La rottamazione-“quinquies” è stata introdotta dall’art. 10-quinquies del decreto legge n. 38/2026 e riguarda i carichi affidati all’Agenzia delle Entrate-Riscossione (AdER) nel periodo tra il 2000 e il 2023. In pratica, è possibile chiedere l’estinzione del debito senza sanzioni né interessi, pagando o in un’unica soluzione oppure rateizzando fino a 54 rate bimestrali, ciascuna di importo non inferiore a 100 euro.

Il tasso di interesse applicato alle rate è del 3% annuo a partire dal 1° agosto 2026.

Il problema: non tutte le Regioni hanno aderito

Qui sta il punto critico. Il bollo auto è un tributo di competenza regionale. La possibilità di rottamare i carichi regionali tramite la rottamazione-“quinquies” funziona solo nelle Regioni che hanno approvato una delibera di adesione entro il 31 luglio 2026.

Ad oggi, le Regioni che hanno aderito sono:

  • Basilicata
  • Campania
  • Lazio
  • Puglia
  • Umbria

Per i contribuenti delle altre Regioni, la rottamazione dei carichi regionali affidati all’AdER non si applica. Ciò non esclude, tuttavia, che ciascuna Regione possa aver previsto misure autonome di definizione agevolata con termini e condizioni diversi.

Cosa significa per i consumatori

  • Verifica la tua posizione: accedi all’area riservata del portale AdER con SPID, CIE o CNS e controlla se i tuoi debiti del bollo rientrano nei carichi affidati tra il 2000 e il 2023.
  • Controlla la tua Regione: verifica se il tuo ente ha aderito alla rottamazione-“quinquies” o se ha emanato una misura territoriale alternativa.
  • Non è automatico: il fatto che il debito risalga agli anni 2000-2023 non basta.

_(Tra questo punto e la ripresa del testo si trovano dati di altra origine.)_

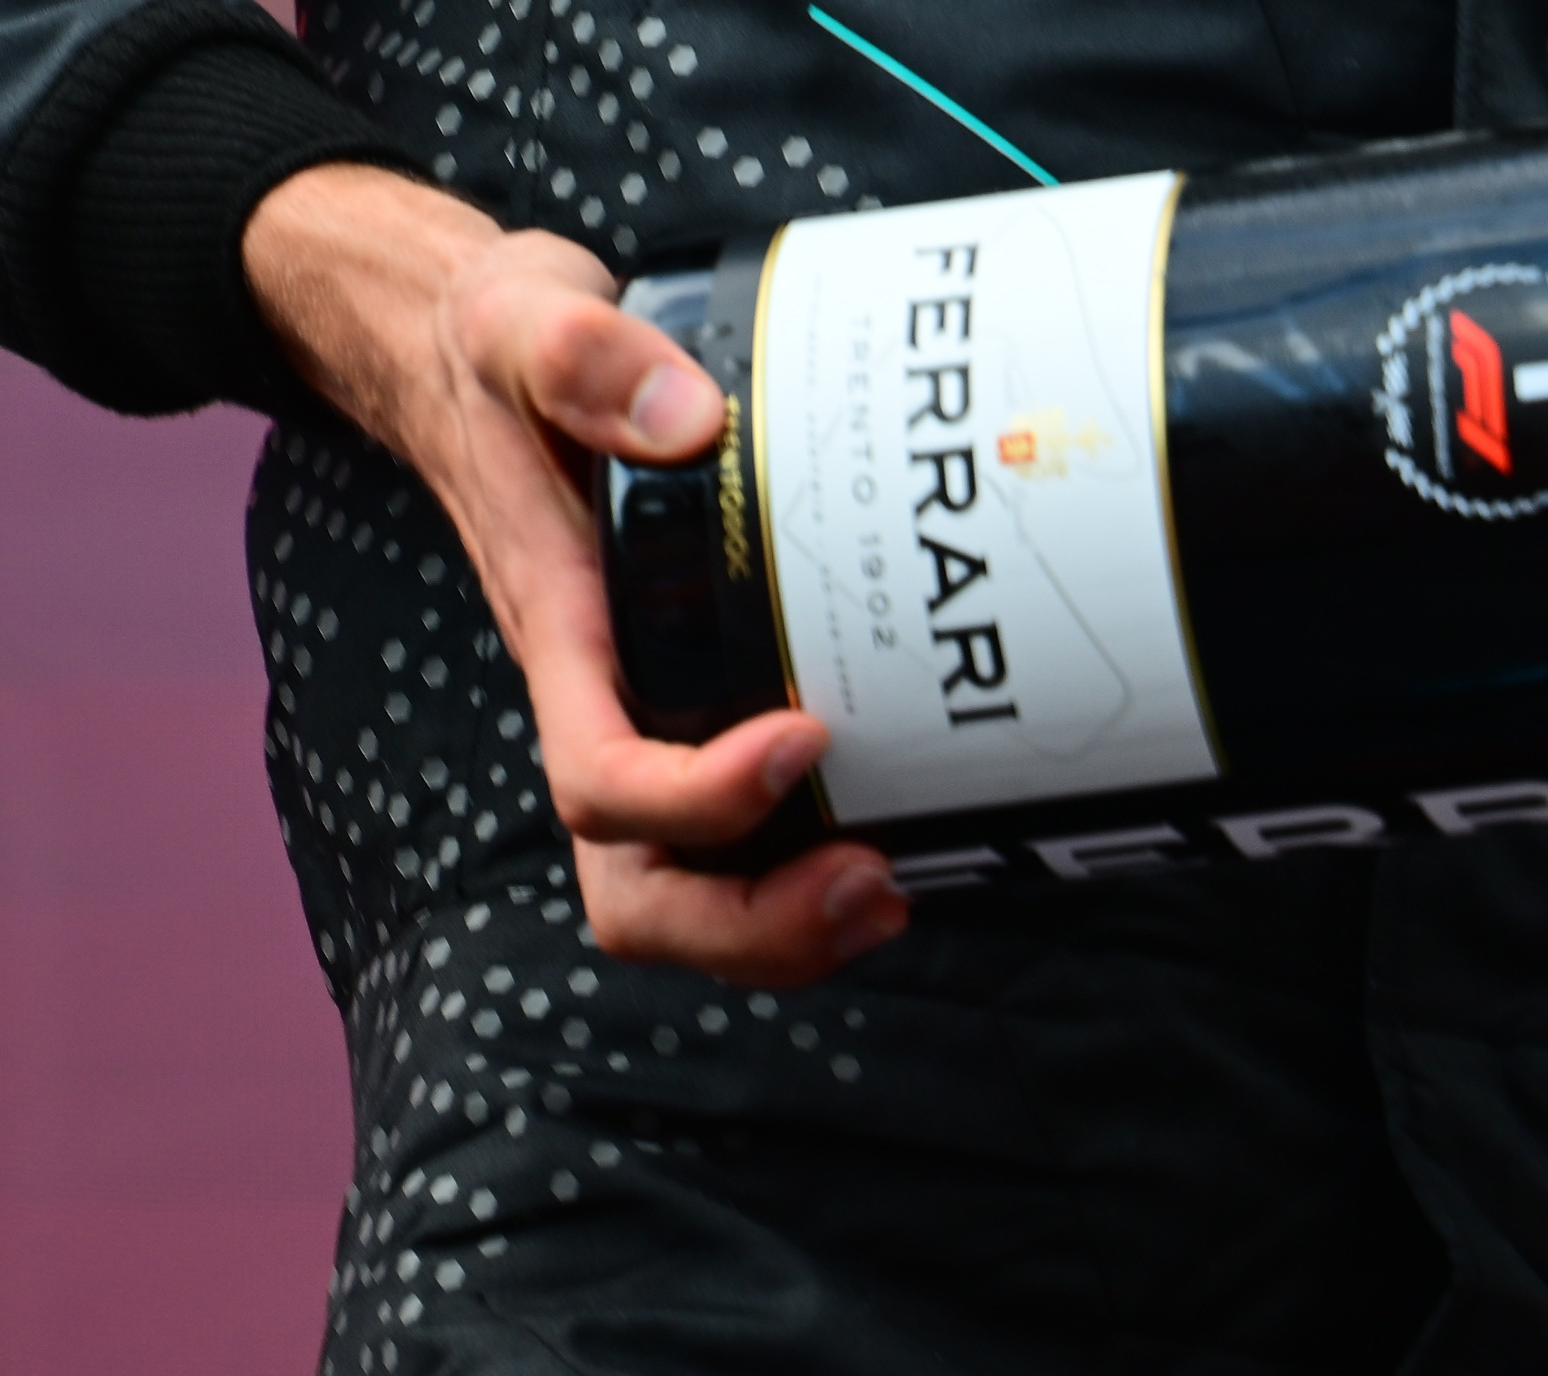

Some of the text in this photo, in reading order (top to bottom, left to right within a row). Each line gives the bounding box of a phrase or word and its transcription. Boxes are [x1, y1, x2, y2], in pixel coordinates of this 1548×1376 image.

Deve essere stato affidato all’AdER e la Regione deve aver aderito.

Cosa fare

Se ritieni di avere i requisiti, segui questi passi:

  • 1. Verifica la posizione debitoria su AdER entro il 15 ottobre 2026, data in cui l’Agenzia metterà a disposizione il dettaglio dei carichi ammessi.
  • 2. Presenta domanda di adesione dal 16 ottobre al 15 dicembre 2026.
  • 3. Attendi il piano di pagamento: entro il 28 febbraio 2027 l’AdER comunicherà l’importo dovuto e le scadenze delle rate.
  • 4. Paga la prima rata entro il 31 marzo 2027 (o l’intero importo se scegli la soluzione unica).
  • 5. Conserva tutti i documenti: ricevute, verbali, comunicazioni dell’Agenzia. Se hai dubbi sulla legittimità della cartella, è consigliabile affidarsi a un professionista.

Alcune Regioni hanno inoltre previsto sanatorie autonome. Ad esempio, la Sicilia ha introdotto la “straccia bollo” per posizioni non pagate fino al 31 dicembre 2025, pubblicata in Gazzetta Ufficiale regionale il 14 agosto 2026. Se risiedi in una Regione che non ha aderito alla rottamazione-“quinquies”, vale la pena verificare se esistono iniziative locali alternative.

Attenzione alle truffe

In questo periodo possono moltiplicarsi siti, messaggi o telefonate che promettono rottamazioni facili o rateizzazioni immediate a fronte di pagamenti anticipati. Non versare mai denaro su piattaforme non ufficiali. L’unico canale istituzionale è il portale dell’Agenzia delle Entrate-Riscossione.